Le 3 mai marquait la Journée mondiale de la liberté de la presse. En Haïti, cette journée soulève des interrogations sur l’état actuel des médias, les progrès réalisés et les défis persistants.L’avènement des Nouvelles Technologies de l’Information et de la Communication (NTIC) a profondément transformé la production et la diffusion de l’information.
Il a donné naissance à de nouveaux médias et réinventé le journalisme dans de nombreux pays, y compris Haïti. Depuis la fin de la dictature des Duvalier en 1986, le nombre de médias – radios, télévisions, plateformes en ligne – a fortement augmenté. Cette prolifération a favorisé une libération de la parole, mais s’est accompagnée d’un manque de régulation qui pose de sérieux problèmes de qualité et de fiabilité de l’information.
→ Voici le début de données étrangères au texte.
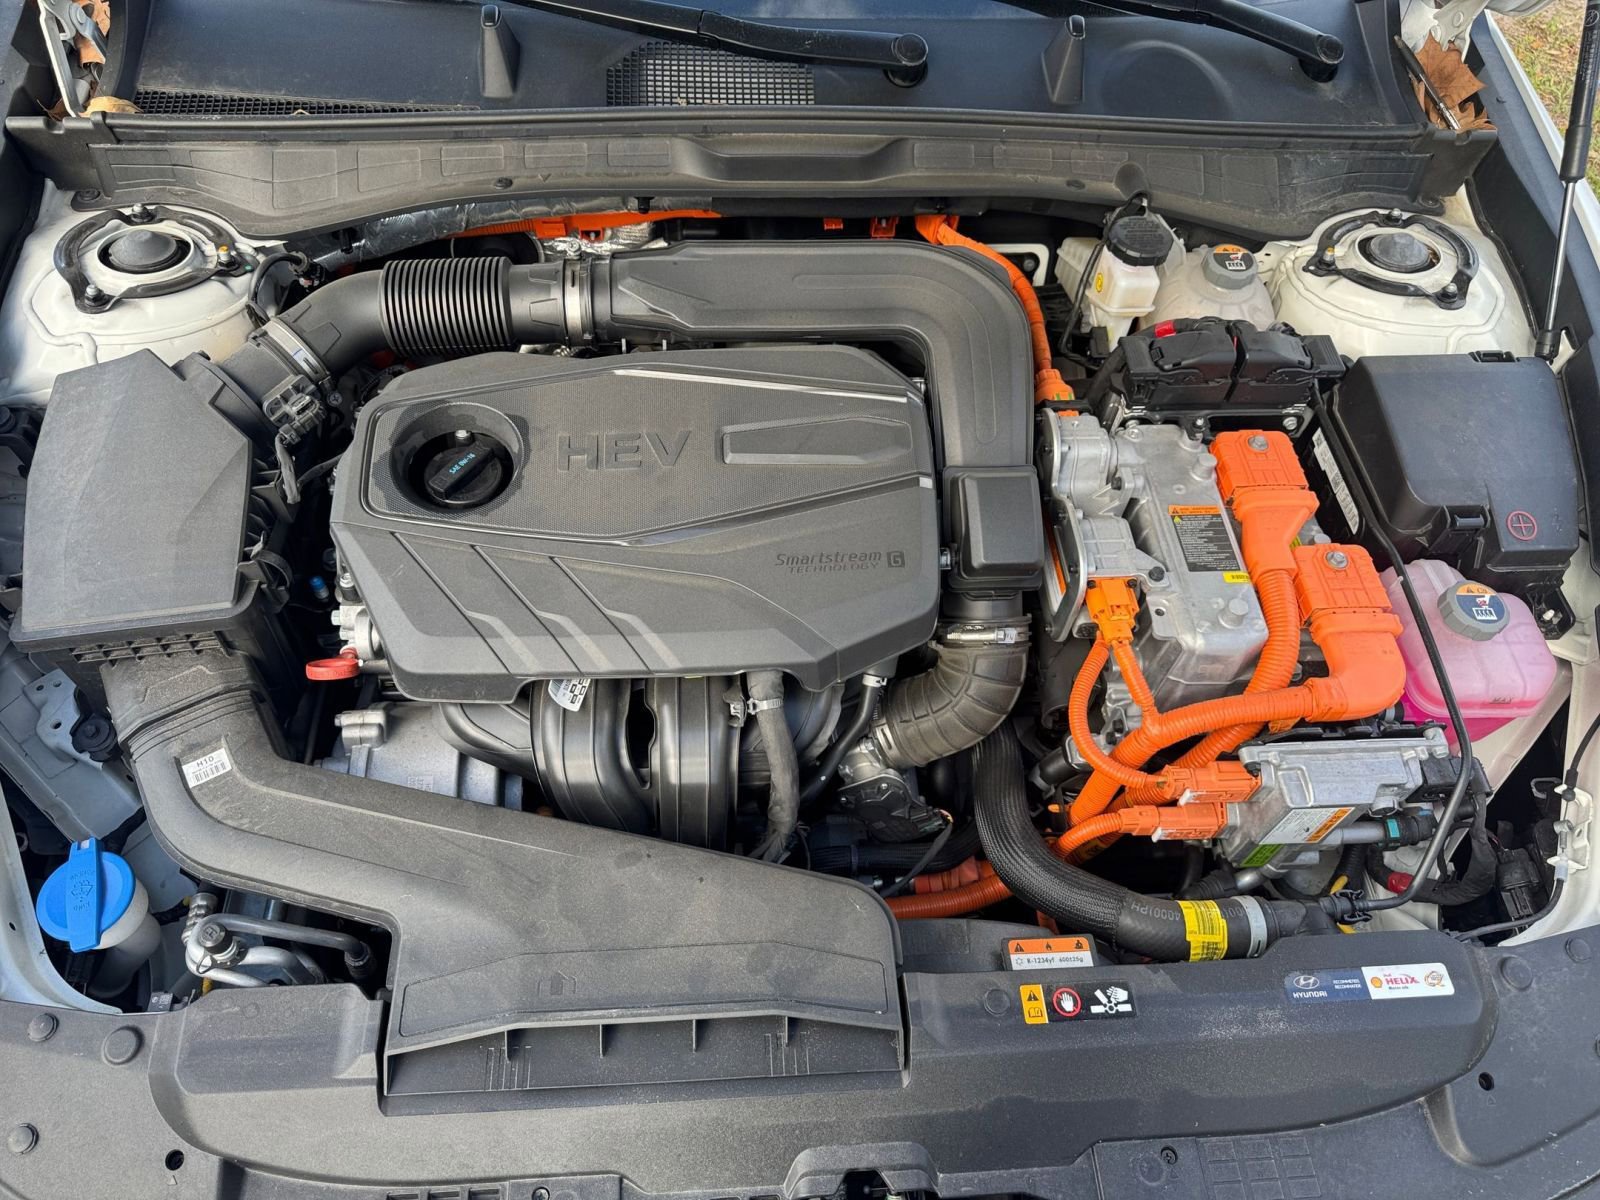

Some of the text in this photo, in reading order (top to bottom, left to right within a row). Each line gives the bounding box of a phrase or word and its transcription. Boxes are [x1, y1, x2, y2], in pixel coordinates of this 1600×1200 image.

Haïti possède une longue tradition journalistique. Dès le XIXe siècle, la presse y était foisonnante, avec 885 titres recensés de 1804 à 1949. À partir des années 1960, la diffusion radiophonique a évolué de l’AM vers la FM. Sous la dictature, seules quelques stations de radio existaient. Après 1986, la fin du régime des Duvalier a permis aux journalistes exilés de rentrer et de relancer leurs activités. De nombreuses stations ont vu le jour dans les années 1990 et 2000, comme Mélodie FM, Kiskeya, Tropic FM, Radio Solidarité, Radio Antilles, Galaxie ou encore Radio Super Star. D’autres, comme Radio Caraïbes, Radio Soleil, Haïti Inter, Lumière, Métropole ou Nationale, étaient déjà présentes. Cette période est considérée comme l’âge d’or de la radiodiffusion haïtienne.
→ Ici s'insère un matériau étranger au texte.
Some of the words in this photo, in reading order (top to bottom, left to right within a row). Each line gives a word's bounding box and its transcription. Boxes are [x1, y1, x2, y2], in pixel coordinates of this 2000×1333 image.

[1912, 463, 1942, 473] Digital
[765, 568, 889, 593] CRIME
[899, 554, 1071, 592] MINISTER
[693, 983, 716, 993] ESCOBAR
Durant cette époque, des dizaines de journaux, hebdomadaires et magazines étaient publiés et diffusés en Haïti et dans la diaspora. Les années 1990 ont vu une explosion de la radiodiffusion, suivie par l’essor des chaînes de télévision dans les années 2000. Jusque-là, seules deux chaînes existaient : Télé Haïti (privée) et Télé Nationale (publique). Cette croissance s’est déroulée alors qu’Haïti entamait une transition démocratique difficile. Cependant, la formation du personnel des médias n’a pas suivi cette expansion.
Aujourd’hui, de nombreux médias sont animés par des personnes sans formation journalistique. Cela entraîne une baisse de la qualité de l’information : peu de rigueur, absence de vérification, langage sensationnaliste. La presse professionnelle est noyée dans un flot de contenus médiocres, voire nuisibles. Si certaines écoles privées tentent de combler le vide, la majorité des journalistes et techniciens sont formés de manière empirique. Des animateurs non qualifiés prennent d’assaut les ondes, souvent motivés par la recherche de notoriété ou de profit. Cette dérive affecte la crédibilité des médias, en particulier sur les plateformes numériques.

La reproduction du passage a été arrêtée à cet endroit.